For a large transfer, setup latency is almost negligible. For small messages, the same setup latency may dominate. A benchmark should include the message sizes used by the real system.

Exercise 9: Hash Table Load Factor

A hash table stores:

n=36000

entries in:

m=48000

buckets. Compute load factor:

\displaystyle \alpha=\frac{n}{m}

Solution

Substitute:

\displaystyle \alpha=\frac{36000}{48000}=0.75

Engineering Comment

A load factor of 0.75 can be reasonable, but collision behavior depends on hash quality, probing strategy, key distribution, and resizing policy. Real-time systems should avoid unbounded resize pauses or collision chains.

Exercise 10: Dynamic Array Growth Cost

A dynamic array grows from capacity:

C=100000

to:

2C=200000

when a new element is appended. Each existing element is:

S_e=16\ \text{bytes}

Estimate bytes copied during the resize.

Solution

The resize copies the existing capacity:

B_{copy}=CS_e=100000(16)=1600000\ \text{bytes}

Therefore:

B_{copy}=1.6\ \text{MB}

Engineering Comment

Amortized append cost may be constant, but this single resize can create a latency spike. Systems with hard deadlines may need reserved capacity, bounded containers, chunked storage, or incremental migration.

Exercise 11: Queue Utilization

Requests arrive at:

\lambda=180\ \text{requests/s}

There are:

c=3

workers. Each worker can serve:

\mu=80\ \text{requests/s}

Estimate utilization:

\displaystyle \rho=\frac{\lambda}{c\mu}

Solution

Total service capacity:

c\mu=3(80)=240\ \text{requests/s}

Utilization:

\displaystyle \rho=\frac{180}{240}=0.75

Engineering Comment

The average load is below capacity, but burstiness, service-time variation, priority work, locks, and retries can still create tail latency. Queue validation should include high-percentile latency and overload behavior.

Exercise 12: Amdahl Speedup

A workload has serial fraction:

s=0.12

and runs on:

p=8

processors. Estimate ideal speedup:

\displaystyle Speedup(p)=\frac{1}{s+\frac{1-s}{p}}

Solution

Substitute:

\displaystyle Speedup(8)=\frac{1}{0.12+\frac{0.88}{8}}

\displaystyle Speedup(8)=\frac{1}{0.12+0.11}

Speedup(8)=4.35

Engineering Comment

Eight processors do not give 8x speedup because serial work remains. Real speedup can be lower because of synchronization, memory bandwidth, cache coherence, load imbalance, and I/O.
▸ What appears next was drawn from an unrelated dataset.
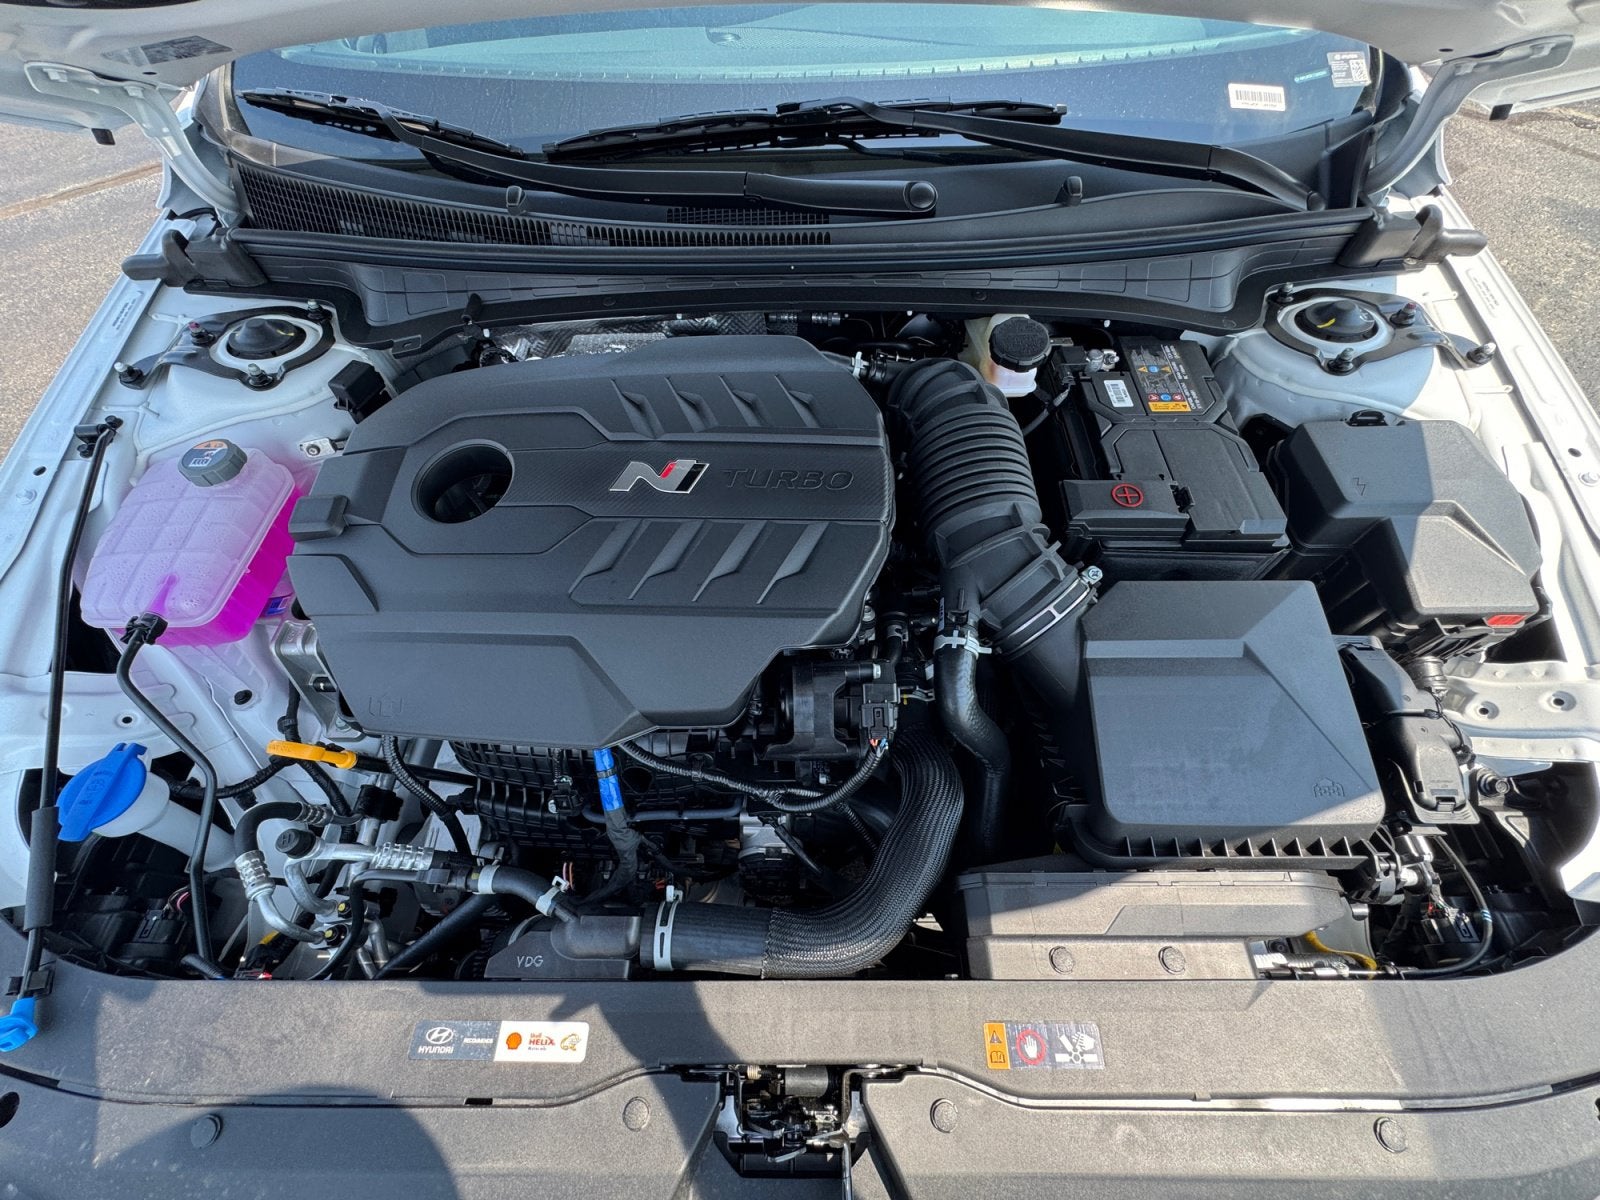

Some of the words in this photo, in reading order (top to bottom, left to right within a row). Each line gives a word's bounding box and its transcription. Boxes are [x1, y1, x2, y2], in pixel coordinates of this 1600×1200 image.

[721, 468, 855, 491] TURBO
[528, 1036, 556, 1046] HELIX
[418, 1045, 454, 1054] HYUNDAI
Exercise 13: Tail Latency from Measurements

A benchmark records these request latencies in milliseconds:

4,\ 5,\ 5,\ 6,\ 6,\ 7,\ 8,\ 9,\ 15,\ 42

Compute the maximum observed latency and explain why the average is insufficient.

Solution

The maximum observed latency is:

T_{max}=42\ \text{ms}

The average is:

\displaystyle \bar{T}=\frac{4+5+5+6+6+7+8+9+15+42}{10}=10.7\ \text{ms}

Engineering Comment

The 10.7 ms average hides a 42 ms stall. For user-facing, real-time, or service-level systems, high-percentile latency and deadline misses may matter more than the mean.
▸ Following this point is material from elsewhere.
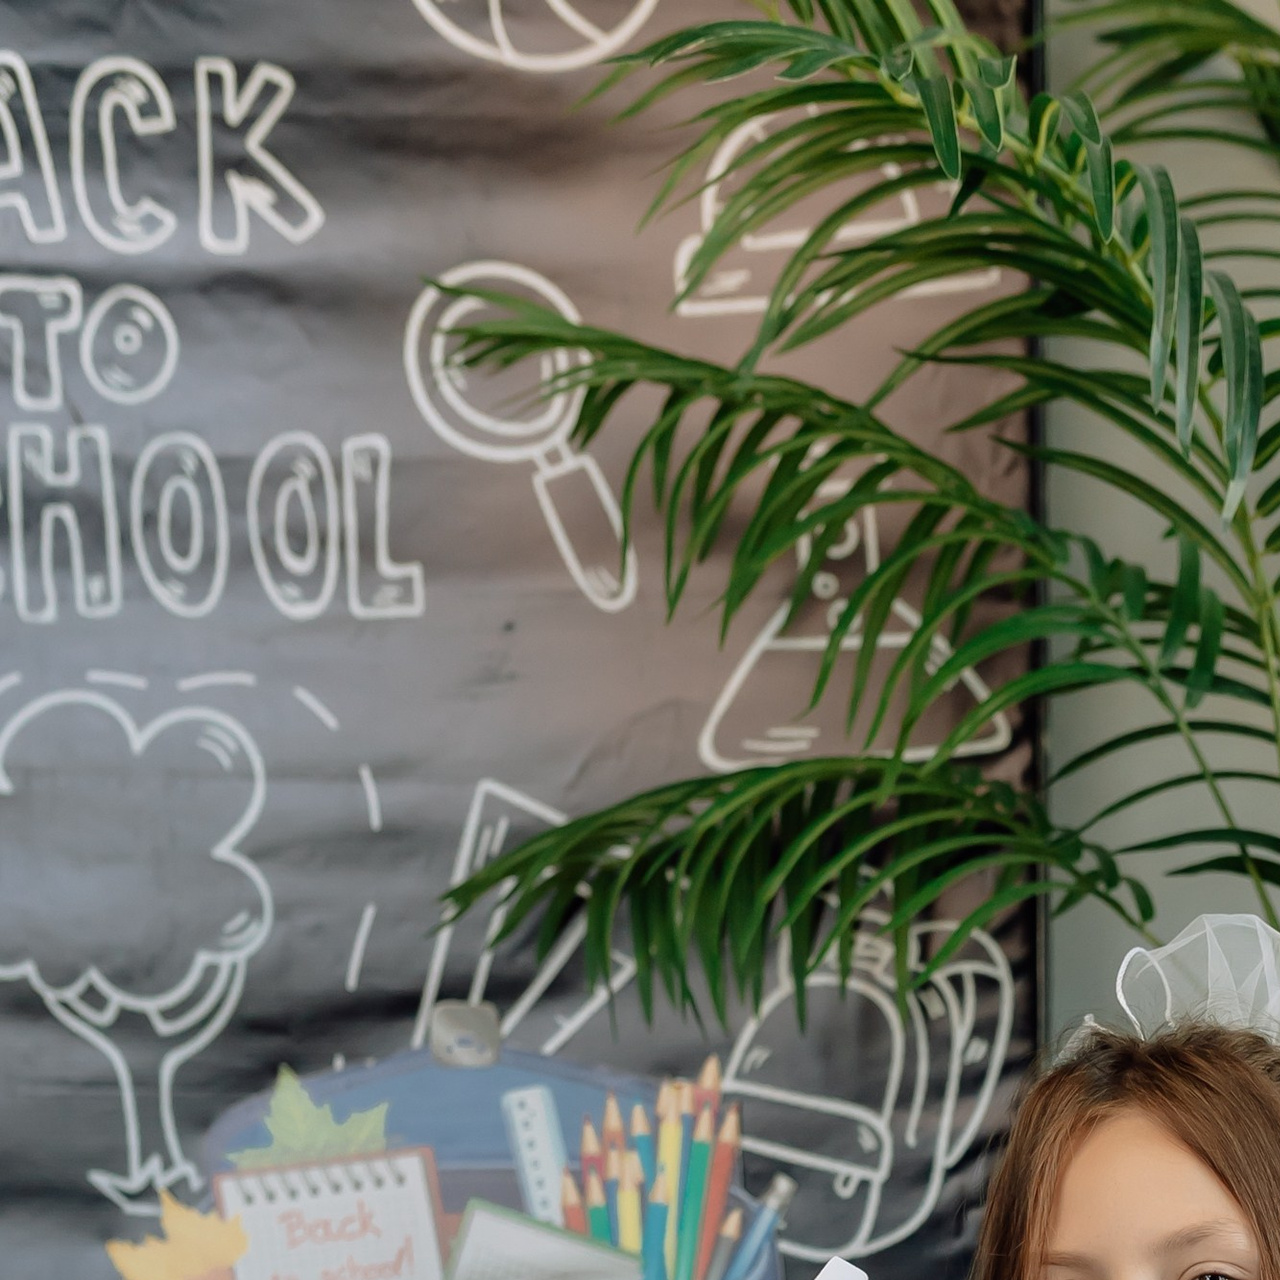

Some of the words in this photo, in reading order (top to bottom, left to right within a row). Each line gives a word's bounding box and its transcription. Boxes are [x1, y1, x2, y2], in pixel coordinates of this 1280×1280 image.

Exercise 14: Performance Claim Validation

A cache optimization reduces average runtime from:

T_{old}=80\ \text{ms}

to:

T_{new}=52\ \text{ms}

Compute percentage improvement relative to the old runtime:

\displaystyle I=\frac{T_{old}-T_{new}}{T_{old}}

Solution

Substitute:

\displaystyle I=\frac{80-52}{80}=0.35

Therefore:

I=35\%

Engineering Comment

A 35% average improvement is valuable, but release evidence should include input distribution, cold-cache and warm-cache results, memory footprint, tail latency, processor and compiler version, thermal state, and regression results for correctness.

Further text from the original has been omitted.